ASSIGNED TASK >>
A verbatim copy of the data is wanted, minus any picture in it.

(Spatial localization data)
○ ○ ○ ○
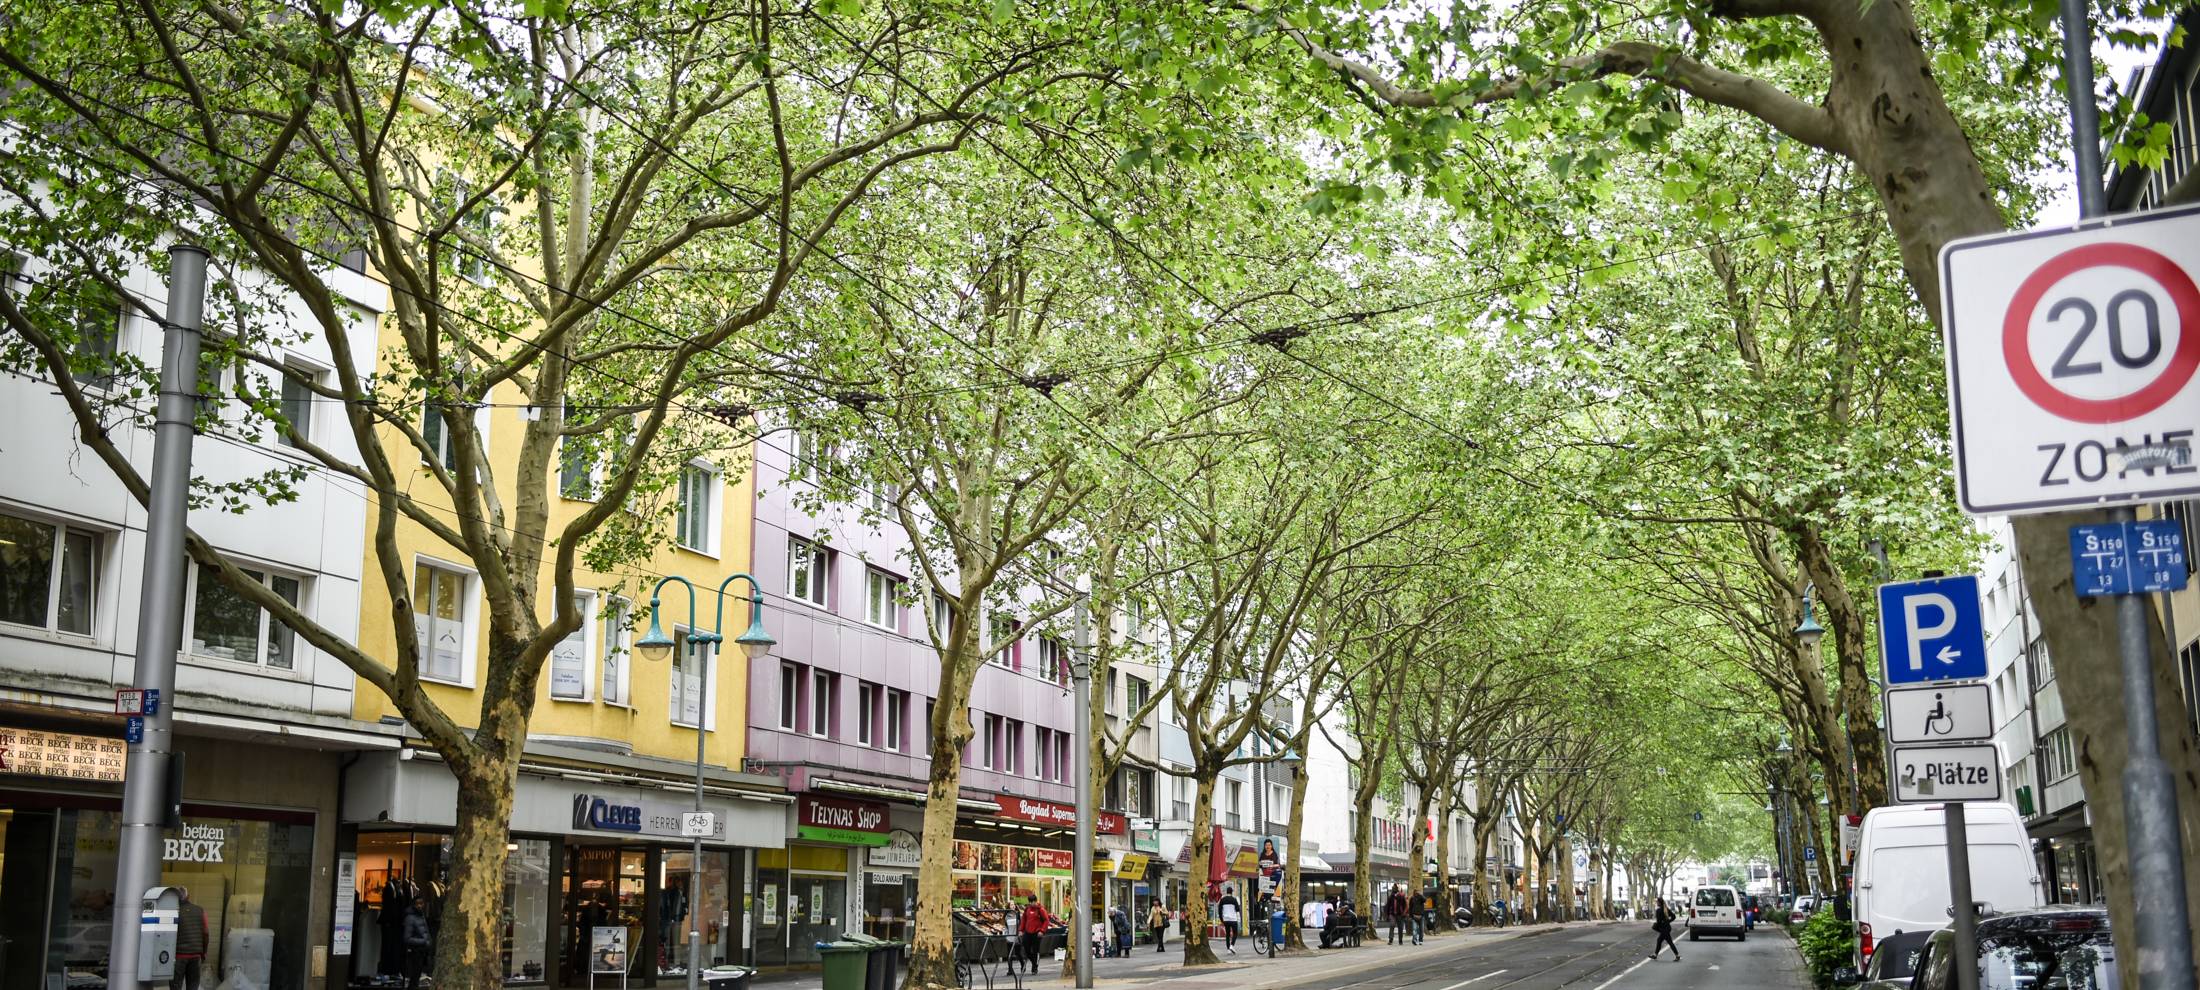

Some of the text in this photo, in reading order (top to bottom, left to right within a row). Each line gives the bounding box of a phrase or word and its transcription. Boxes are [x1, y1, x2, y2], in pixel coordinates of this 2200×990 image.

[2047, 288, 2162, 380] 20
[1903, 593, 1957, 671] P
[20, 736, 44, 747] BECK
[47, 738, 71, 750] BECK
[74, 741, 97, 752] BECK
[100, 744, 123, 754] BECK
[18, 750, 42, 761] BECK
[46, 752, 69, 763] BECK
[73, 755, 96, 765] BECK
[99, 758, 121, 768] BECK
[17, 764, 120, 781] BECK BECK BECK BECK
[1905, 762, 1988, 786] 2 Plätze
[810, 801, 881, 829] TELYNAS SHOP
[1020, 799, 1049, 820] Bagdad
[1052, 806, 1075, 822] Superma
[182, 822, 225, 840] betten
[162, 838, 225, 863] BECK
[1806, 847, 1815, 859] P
○ ○ ○ ○
EXERCISE ANSWER >>
Some of the text in this photo, in reading order (top to bottom, left to right within a row). Each line gives the bounding box of a phrase or word and its transcription. Boxes are [x1, y1, x2, y2], in pixel coordinates of this 2200×990 image.

[2047, 288, 2162, 380] 20
[1903, 593, 1957, 671] P
[20, 736, 44, 747] BECK
[47, 738, 71, 750] BECK
[74, 741, 97, 752] BECK
[100, 744, 123, 754] BECK
[18, 750, 42, 761] BECK
[46, 752, 69, 763] BECK
[73, 755, 96, 765] BECK
[99, 758, 121, 768] BECK
[17, 764, 120, 781] BECK BECK BECK BECK
[1905, 762, 1988, 786] 2 Plätze
[810, 801, 881, 829] TELYNAS SHOP
[1020, 799, 1049, 820] Bagdad
[1052, 806, 1075, 822] Superma
[182, 822, 225, 840] betten
[162, 838, 225, 863] BECK
[1806, 847, 1815, 859] P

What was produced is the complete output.